I'm a geologist, and as a species/society we've always been chasing rocks, and yes "rocks" aka silicon based minerals forms the silicon used in semiconductors, which we're now in midst of either replacing with carbon nanotubes or Carbon-Nitrogen, organic semiconductors, or at least that's the plan.

Speaking of the society part, while as a society we're not yet ready for it, strictly speaking the goal of humanity is merely to lessen its work, if it can remove the need to work entirely then that's what humanity is going to do.

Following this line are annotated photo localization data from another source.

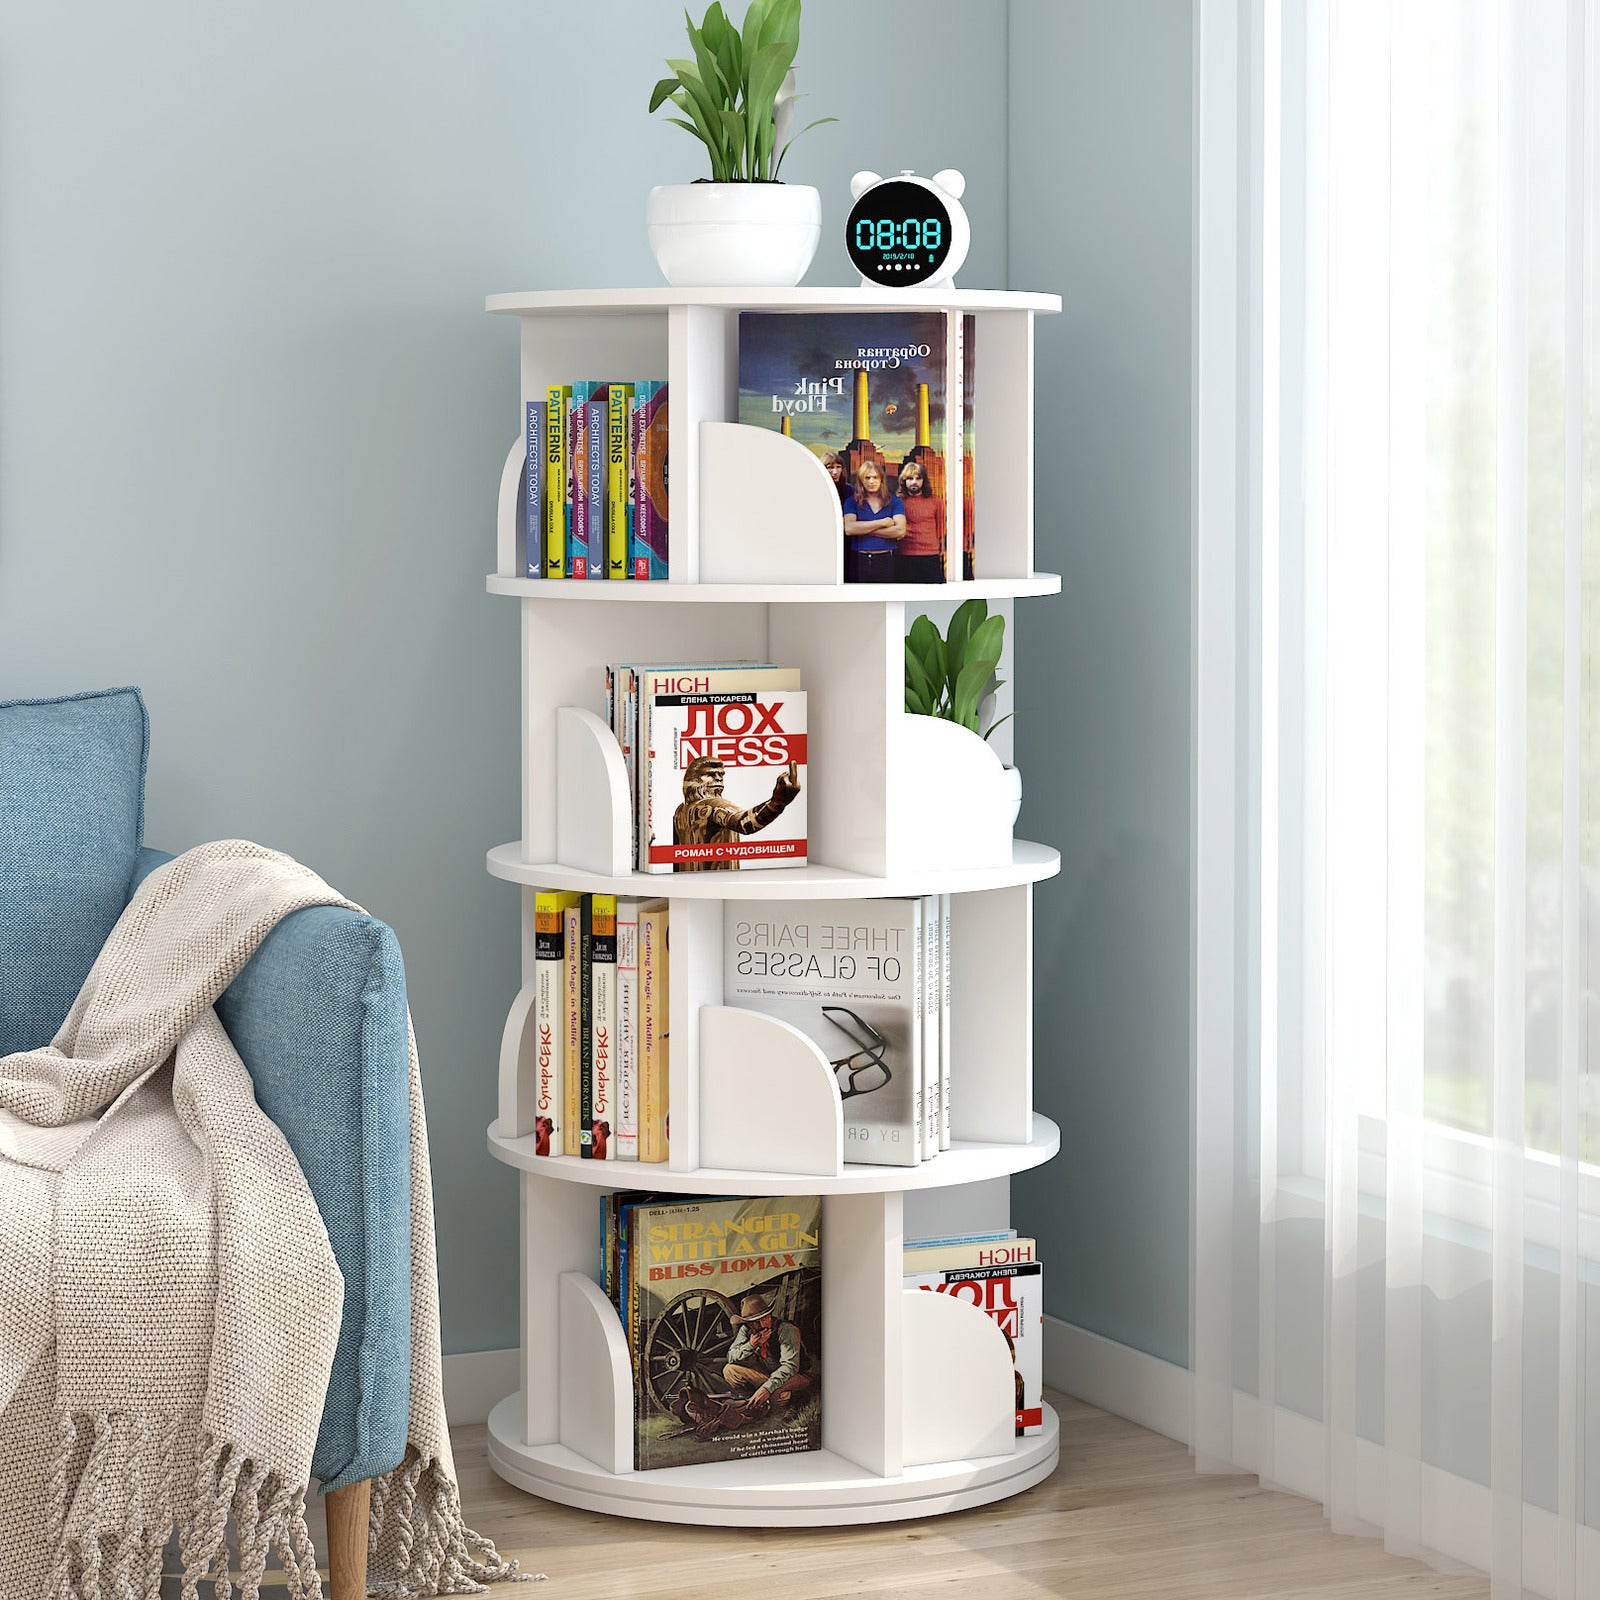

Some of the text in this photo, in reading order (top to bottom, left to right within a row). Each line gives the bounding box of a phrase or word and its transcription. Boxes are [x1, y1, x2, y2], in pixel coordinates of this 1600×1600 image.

[856, 218, 941, 250] 08:08
[529, 408, 538, 472] ARCHITECTS
[550, 390, 560, 464] PATTERNS
[592, 408, 600, 472] ARCHITECTS
[612, 390, 622, 464] PATTERNS
[529, 474, 538, 506] TODAY
[592, 474, 600, 506] TODAY
[654, 677, 709, 693] HIGH
[680, 695, 753, 704] ЕЛЕНА ТОКАРЕВА
[680, 702, 784, 737] ЛОХ
[681, 736, 788, 769] NESS
[674, 844, 795, 858] РОМАН С ЧУДОВИЩЕМ
[570, 998, 576, 1007] in
[645, 1004, 652, 1013] in
[538, 1023, 553, 1110] СуперСЕКС
[594, 1026, 609, 1114] СуперСЕКС
[650, 1213, 800, 1244] STRANGER
[650, 1228, 819, 1262] WITH A GUN
[649, 1253, 796, 1281] BLISS LOMAX

It's very similar to the Culture, in the same name books, spacefaring society that reached true communism by removing human politicians and letting AI provide for them, their multi century lives being basically doing hobbies or volunteering to do stuff, work being done by AIs.

So, the issue isn't what's happening in the end, it's the end we have. There's no way to stop society from eventually transitioning into a post scarcity one.

As for the transhuman part or cyborg part, the organic semiconductor, could potentially allow us to replicate smartphone SoC and antennas into our brains, being powered by wasted energy in the brain, and controlled by reading brain trough little bigger than atom sized electrodes.

It's very similar in concept to current electrode based chips like Neuralink's N1 or those made by University Laboratories, which are more advanced in a sense. In a way, figuring out how make such thin, organic transistors and electrodes could allow us a lot.

Such as putting your own diagnostic computer in your brain, being able to read all of your brain, and all of the data that your body generates that you aren't privy to consciously.

I've only said sorta positive things, I ask you, chat/reader/redditor/human shaped fish to answer potential negatives and solutions to them.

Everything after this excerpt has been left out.